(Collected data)

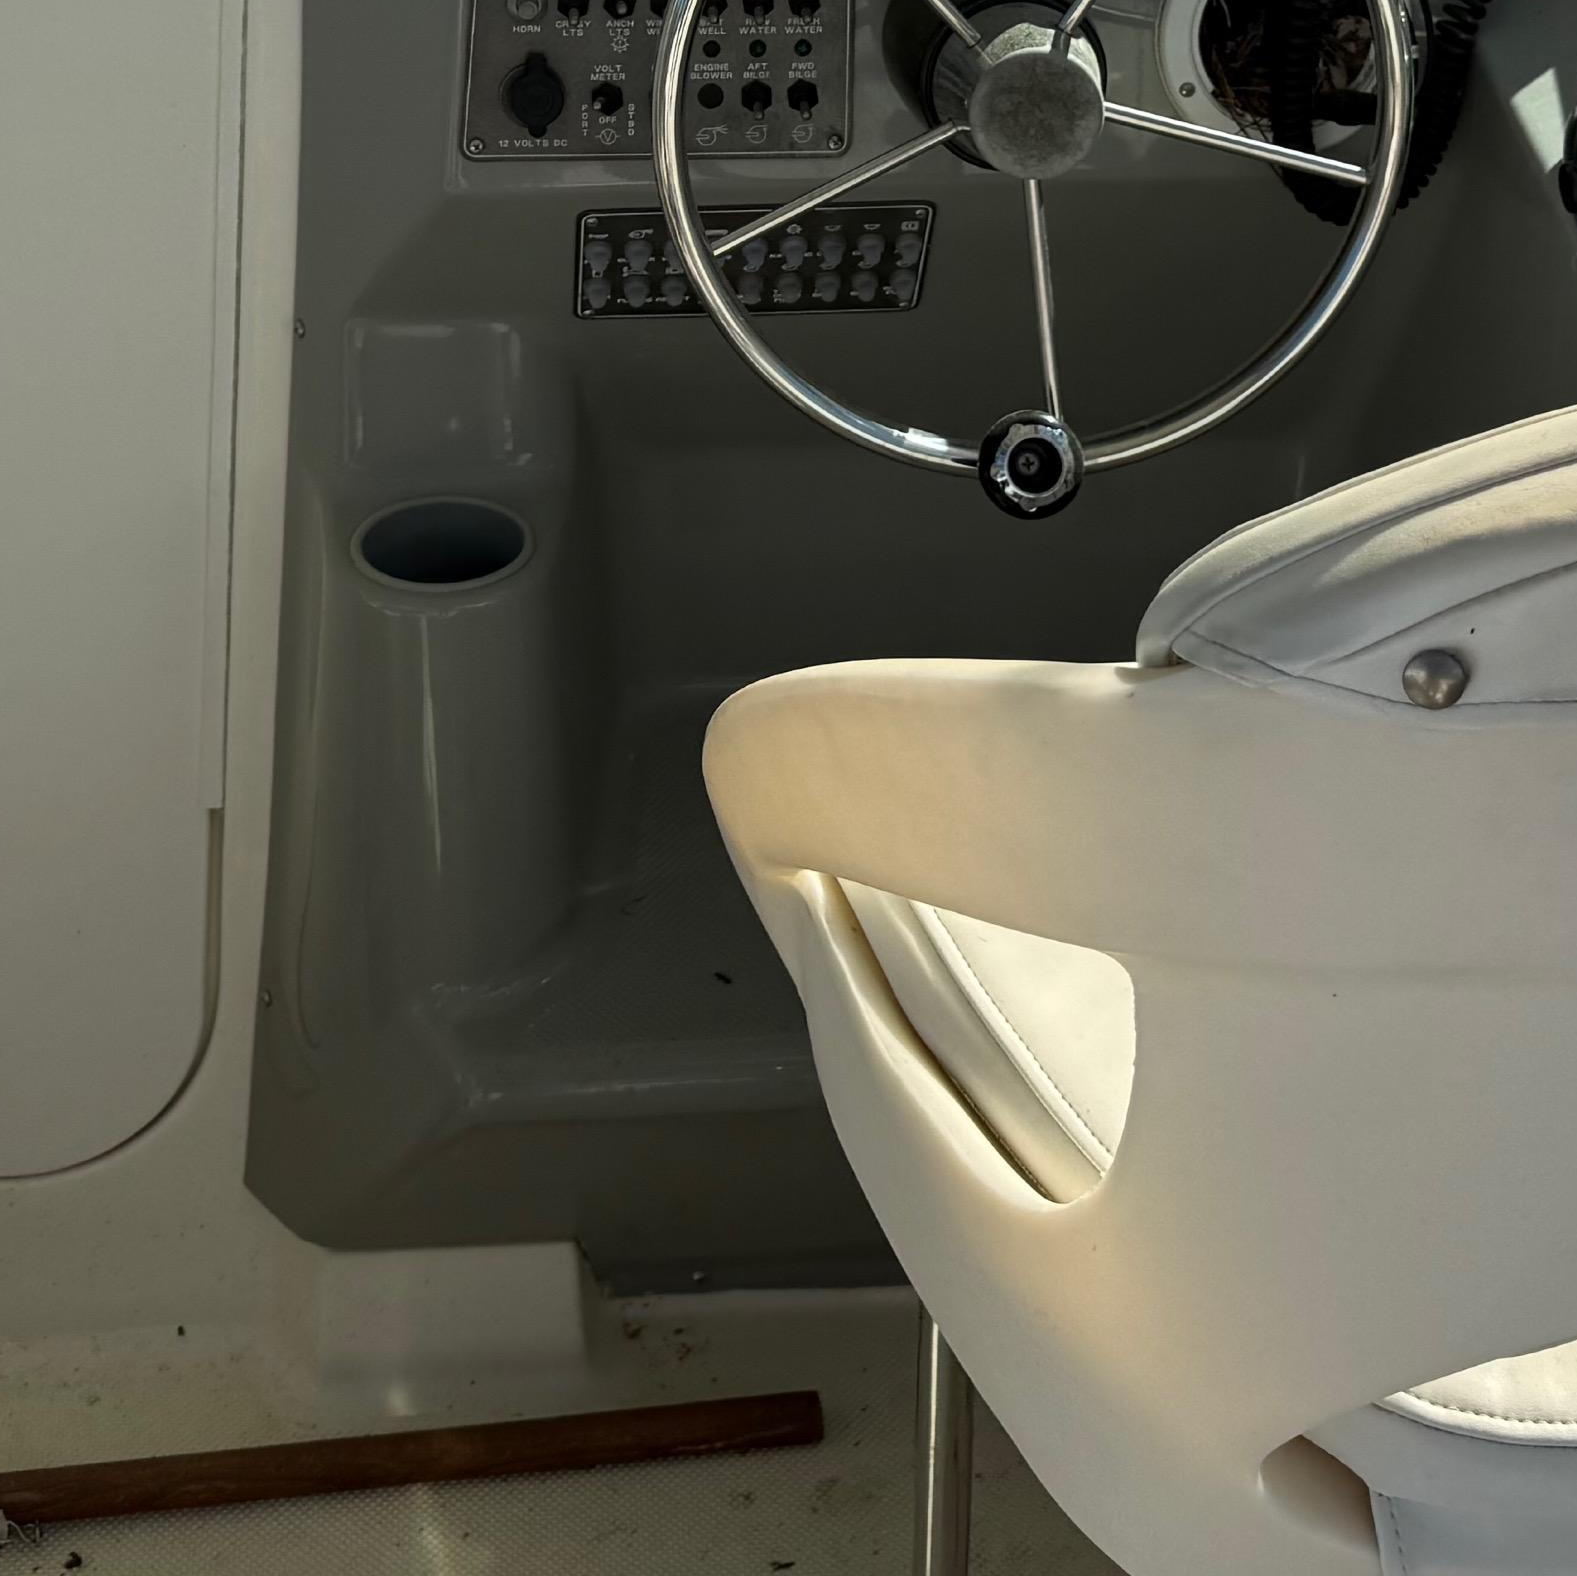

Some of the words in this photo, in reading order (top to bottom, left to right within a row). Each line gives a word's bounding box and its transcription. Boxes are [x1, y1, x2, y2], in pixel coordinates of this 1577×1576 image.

[606, 20, 634, 28] ANCH
[698, 27, 727, 35] WELL
[739, 27, 777, 35] WATER
[784, 26, 822, 34] WATER
[594, 65, 622, 73] VOLT
[694, 63, 729, 71] ENGINE
[747, 62, 768, 70] AFT
[791, 62, 815, 70] FWD
[590, 73, 626, 81] METER
[690, 71, 733, 80] BLOWER
[788, 71, 817, 79] BILGE
[599, 116, 616, 124] OFF
[498, 139, 509, 147] 12
[514, 139, 550, 147] VOLTS
[553, 139, 568, 147] DC
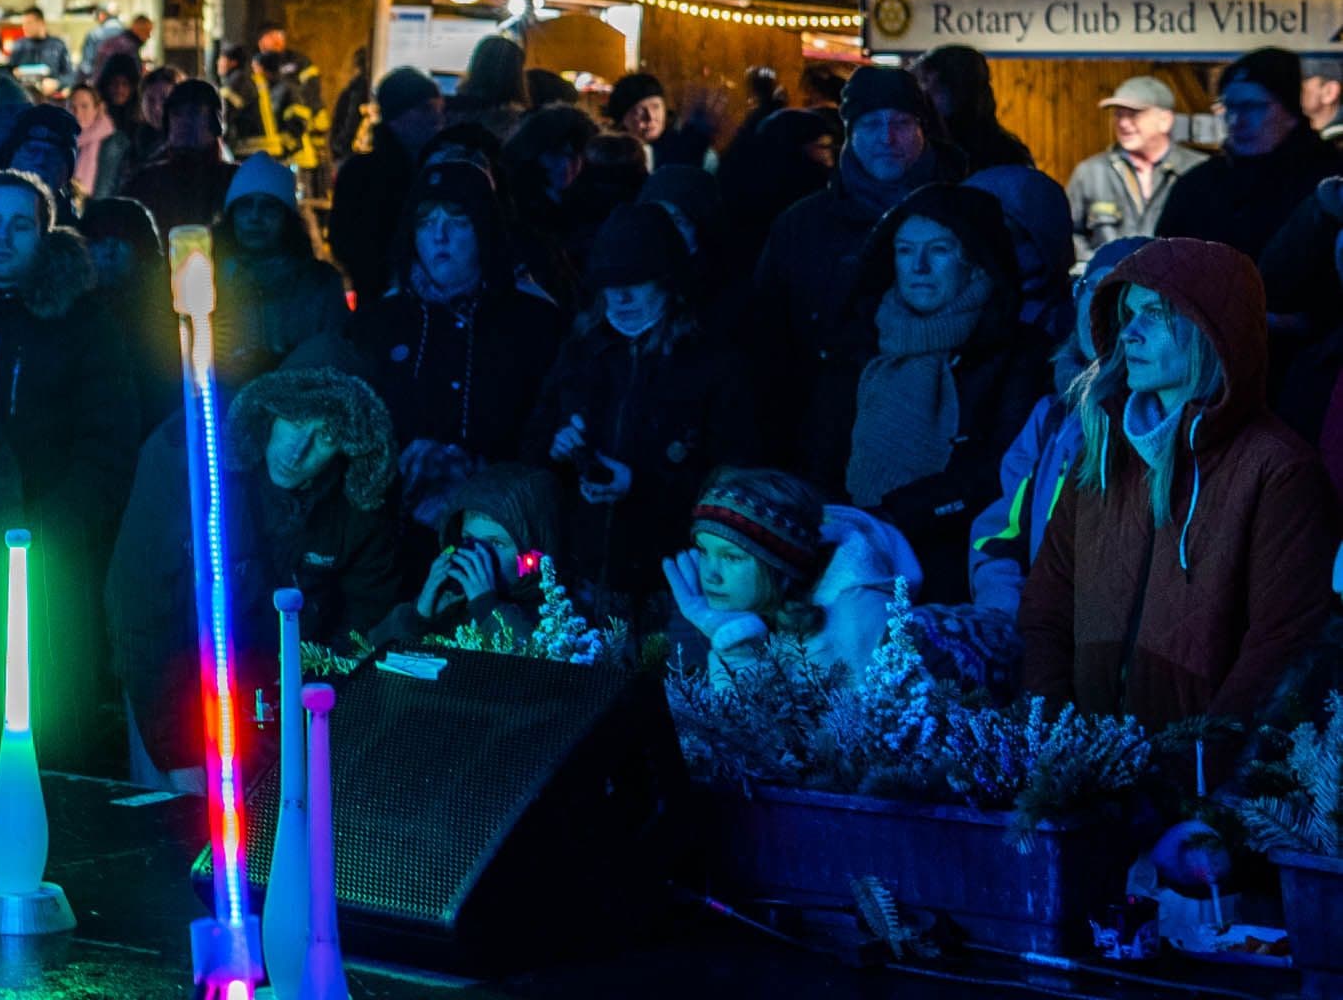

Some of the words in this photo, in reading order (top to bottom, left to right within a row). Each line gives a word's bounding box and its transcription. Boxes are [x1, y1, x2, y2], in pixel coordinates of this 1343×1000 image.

[932, 3, 1034, 43] Rotary
[1045, 0, 1121, 35] Club
[1133, 0, 1197, 34] Bad
[1209, 0, 1309, 34] Vilbel
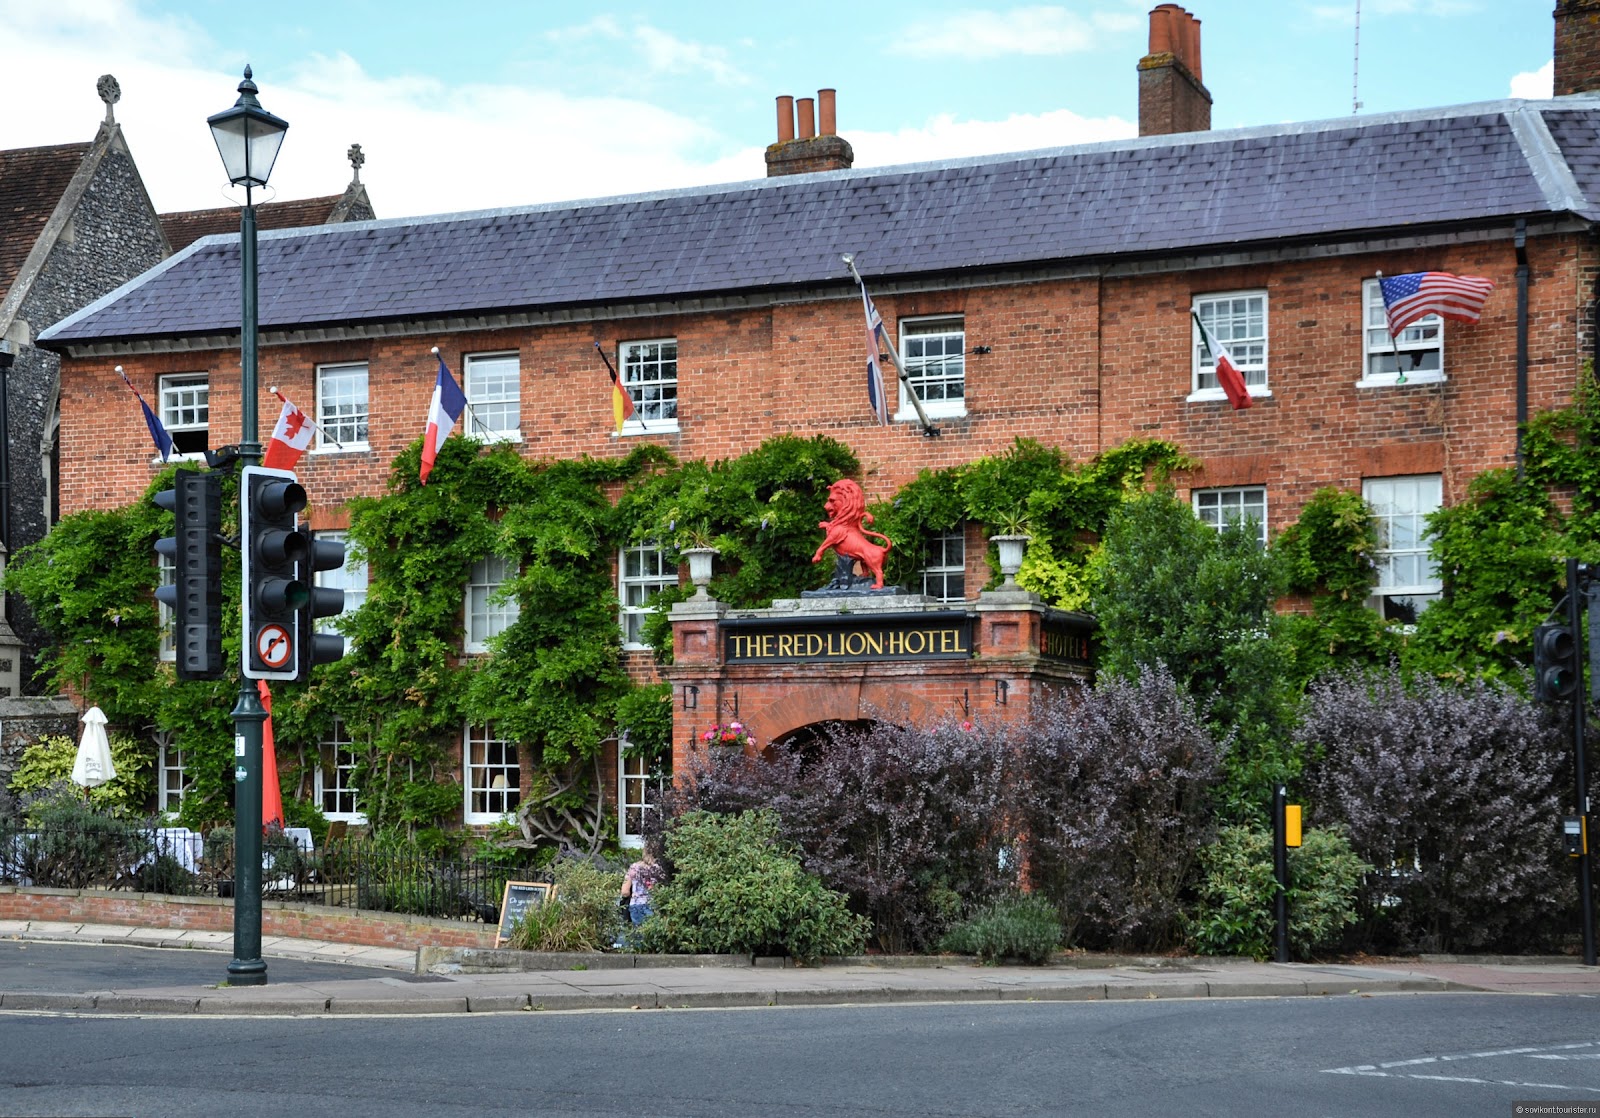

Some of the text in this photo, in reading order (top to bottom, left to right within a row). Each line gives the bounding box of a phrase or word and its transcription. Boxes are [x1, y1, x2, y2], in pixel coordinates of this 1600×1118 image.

[730, 629, 967, 658] THE RED LION HOTEL
[1048, 633, 1080, 659] HOTEL
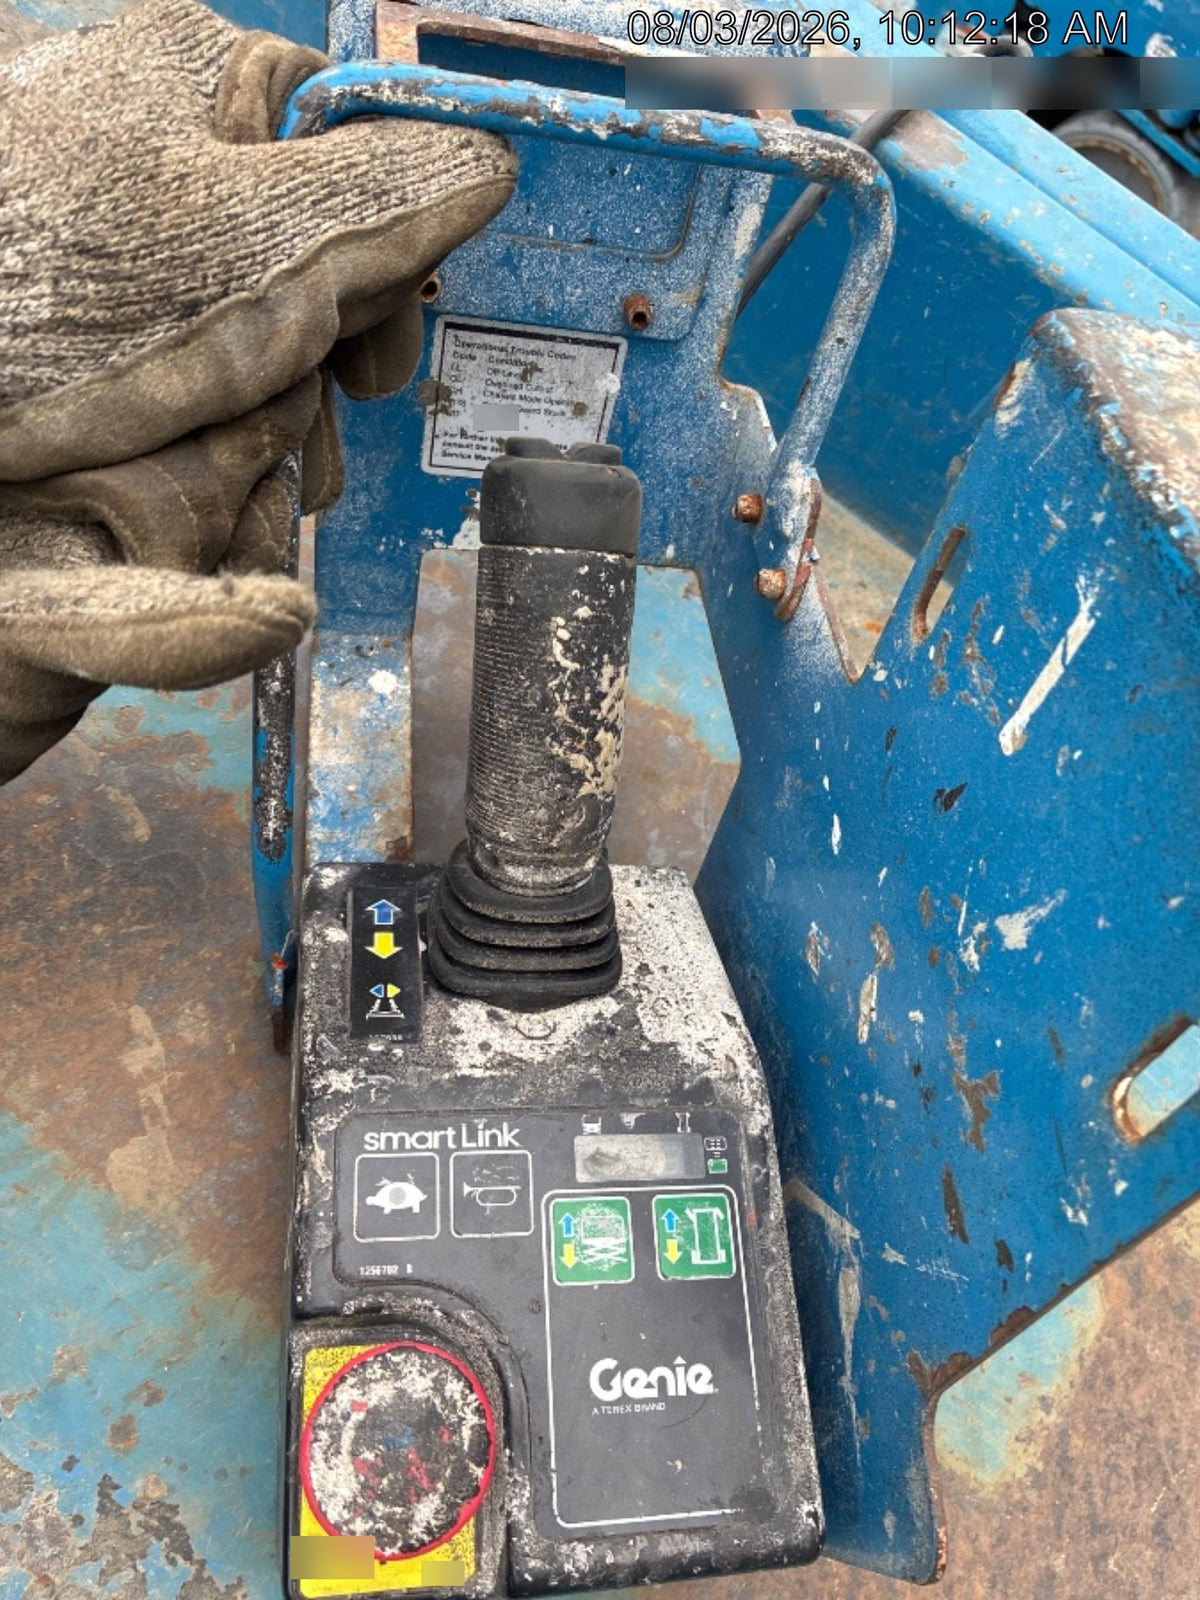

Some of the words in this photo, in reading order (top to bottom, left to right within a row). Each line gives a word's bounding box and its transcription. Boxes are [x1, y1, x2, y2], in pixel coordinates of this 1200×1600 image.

■ PROBLEM REQUIREMENTS ■
Write out again every line above exactly as given; the pictures do not belong in the copy.

■ PROBLEM SOLUTION ■
Some of the words in this photo, in reading order (top to bottom, left to right within a row). Each line gives a word's bounding box and its transcription. Boxes are [x1, y1, x2, y2], in pixel coordinates of this 1577×1576 image.

[606, 20, 634, 28] ANCH
[698, 27, 727, 35] WELL
[739, 27, 777, 35] WATER
[784, 26, 822, 34] WATER
[594, 65, 622, 73] VOLT
[694, 63, 729, 71] ENGINE
[747, 62, 768, 70] AFT
[791, 62, 815, 70] FWD
[590, 73, 626, 81] METER
[690, 71, 733, 80] BLOWER
[788, 71, 817, 79] BILGE
[599, 116, 616, 124] OFF
[498, 139, 509, 147] 12
[514, 139, 550, 147] VOLTS
[553, 139, 568, 147] DC

Some of the words in this photo, in reading order (top to bottom, left to right within a row). Each line gives a word's bounding box and its transcription. Boxes are [x1, y1, x2, y2], in pixel coordinates of this 1343×1000 image.

[932, 3, 1034, 43] Rotary
[1045, 0, 1121, 35] Club
[1133, 0, 1197, 34] Bad
[1209, 0, 1309, 34] Vilbel

Some of the text in this photo, in reading order (top to bottom, left to right within a row). Each line gives the bounding box of a phrase or word and its transcription. Boxes are [x1, y1, x2, y2], in pixel coordinates of this 1600×1118 image.

[730, 629, 967, 658] THE RED LION HOTEL
[1048, 633, 1080, 659] HOTEL

Some of the words in this photo, in reading order (top to bottom, left to right within a row). Each line gives a word's bounding box and its transcription. Boxes are [x1, y1, x2, y2], in pixel coordinates of this 1200×1600 image.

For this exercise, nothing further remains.